## [Task goal]
Return the records exactly, with nothing added.

## [Records for processing]

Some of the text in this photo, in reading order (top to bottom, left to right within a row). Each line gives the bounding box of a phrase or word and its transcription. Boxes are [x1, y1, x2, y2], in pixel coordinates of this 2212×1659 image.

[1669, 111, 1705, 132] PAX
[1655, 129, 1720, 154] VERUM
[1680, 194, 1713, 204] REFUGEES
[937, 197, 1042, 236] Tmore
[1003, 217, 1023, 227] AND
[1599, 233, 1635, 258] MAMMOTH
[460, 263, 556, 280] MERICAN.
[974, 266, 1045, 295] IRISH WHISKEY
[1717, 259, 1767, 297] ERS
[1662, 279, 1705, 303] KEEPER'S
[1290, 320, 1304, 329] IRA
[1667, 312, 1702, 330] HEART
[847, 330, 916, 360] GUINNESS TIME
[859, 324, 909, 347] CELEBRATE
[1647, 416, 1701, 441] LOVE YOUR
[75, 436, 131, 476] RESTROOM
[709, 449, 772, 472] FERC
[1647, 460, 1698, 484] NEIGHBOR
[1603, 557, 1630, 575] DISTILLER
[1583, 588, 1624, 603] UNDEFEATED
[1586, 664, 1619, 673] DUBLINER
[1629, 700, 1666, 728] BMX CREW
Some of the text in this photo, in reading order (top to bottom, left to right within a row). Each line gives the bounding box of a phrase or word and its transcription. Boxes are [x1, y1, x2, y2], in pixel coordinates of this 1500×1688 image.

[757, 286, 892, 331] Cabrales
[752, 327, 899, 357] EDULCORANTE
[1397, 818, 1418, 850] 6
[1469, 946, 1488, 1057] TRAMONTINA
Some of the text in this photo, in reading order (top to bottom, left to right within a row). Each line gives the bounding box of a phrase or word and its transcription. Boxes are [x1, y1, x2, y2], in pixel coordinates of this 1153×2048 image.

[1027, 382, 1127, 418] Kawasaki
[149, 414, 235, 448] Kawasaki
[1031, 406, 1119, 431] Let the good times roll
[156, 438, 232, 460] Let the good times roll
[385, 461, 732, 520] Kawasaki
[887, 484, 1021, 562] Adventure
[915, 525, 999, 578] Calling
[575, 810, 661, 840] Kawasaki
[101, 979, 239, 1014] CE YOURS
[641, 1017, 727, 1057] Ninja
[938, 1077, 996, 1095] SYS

## [Problem solution]
Some of the text in this photo, in reading order (top to bottom, left to right within a row). Each line gives the bounding box of a phrase or word and its transcription. Boxes are [x1, y1, x2, y2], in pixel coordinates of this 2212×1659 image.

[1669, 111, 1705, 132] PAX
[1655, 129, 1720, 154] VERUM
[1680, 194, 1713, 204] REFUGEES
[937, 197, 1042, 236] Tmore
[1003, 217, 1023, 227] AND
[1599, 233, 1635, 258] MAMMOTH
[460, 263, 556, 280] MERICAN.
[974, 266, 1045, 295] IRISH WHISKEY
[1717, 259, 1767, 297] ERS
[1662, 279, 1705, 303] KEEPER'S
[1290, 320, 1304, 329] IRA
[1667, 312, 1702, 330] HEART
[847, 330, 916, 360] GUINNESS TIME
[859, 324, 909, 347] CELEBRATE
[1647, 416, 1701, 441] LOVE YOUR
[75, 436, 131, 476] RESTROOM
[709, 449, 772, 472] FERC
[1647, 460, 1698, 484] NEIGHBOR
[1603, 557, 1630, 575] DISTILLER
[1583, 588, 1624, 603] UNDEFEATED
[1586, 664, 1619, 673] DUBLINER
[1629, 700, 1666, 728] BMX CREW
Some of the text in this photo, in reading order (top to bottom, left to right within a row). Each line gives the bounding box of a phrase or word and its transcription. Boxes are [x1, y1, x2, y2], in pixel coordinates of this 1500×1688 image.

[757, 286, 892, 331] Cabrales
[752, 327, 899, 357] EDULCORANTE
[1397, 818, 1418, 850] 6
[1469, 946, 1488, 1057] TRAMONTINA
Some of the text in this photo, in reading order (top to bottom, left to right within a row). Each line gives the bounding box of a phrase or word and its transcription. Boxes are [x1, y1, x2, y2], in pixel coordinates of this 1153×2048 image.

[1027, 382, 1127, 418] Kawasaki
[149, 414, 235, 448] Kawasaki
[1031, 406, 1119, 431] Let the good times roll
[156, 438, 232, 460] Let the good times roll
[385, 461, 732, 520] Kawasaki
[887, 484, 1021, 562] Adventure
[915, 525, 999, 578] Calling
[575, 810, 661, 840] Kawasaki
[101, 979, 239, 1014] CE YOURS
[641, 1017, 727, 1057] Ninja
[938, 1077, 996, 1095] SYS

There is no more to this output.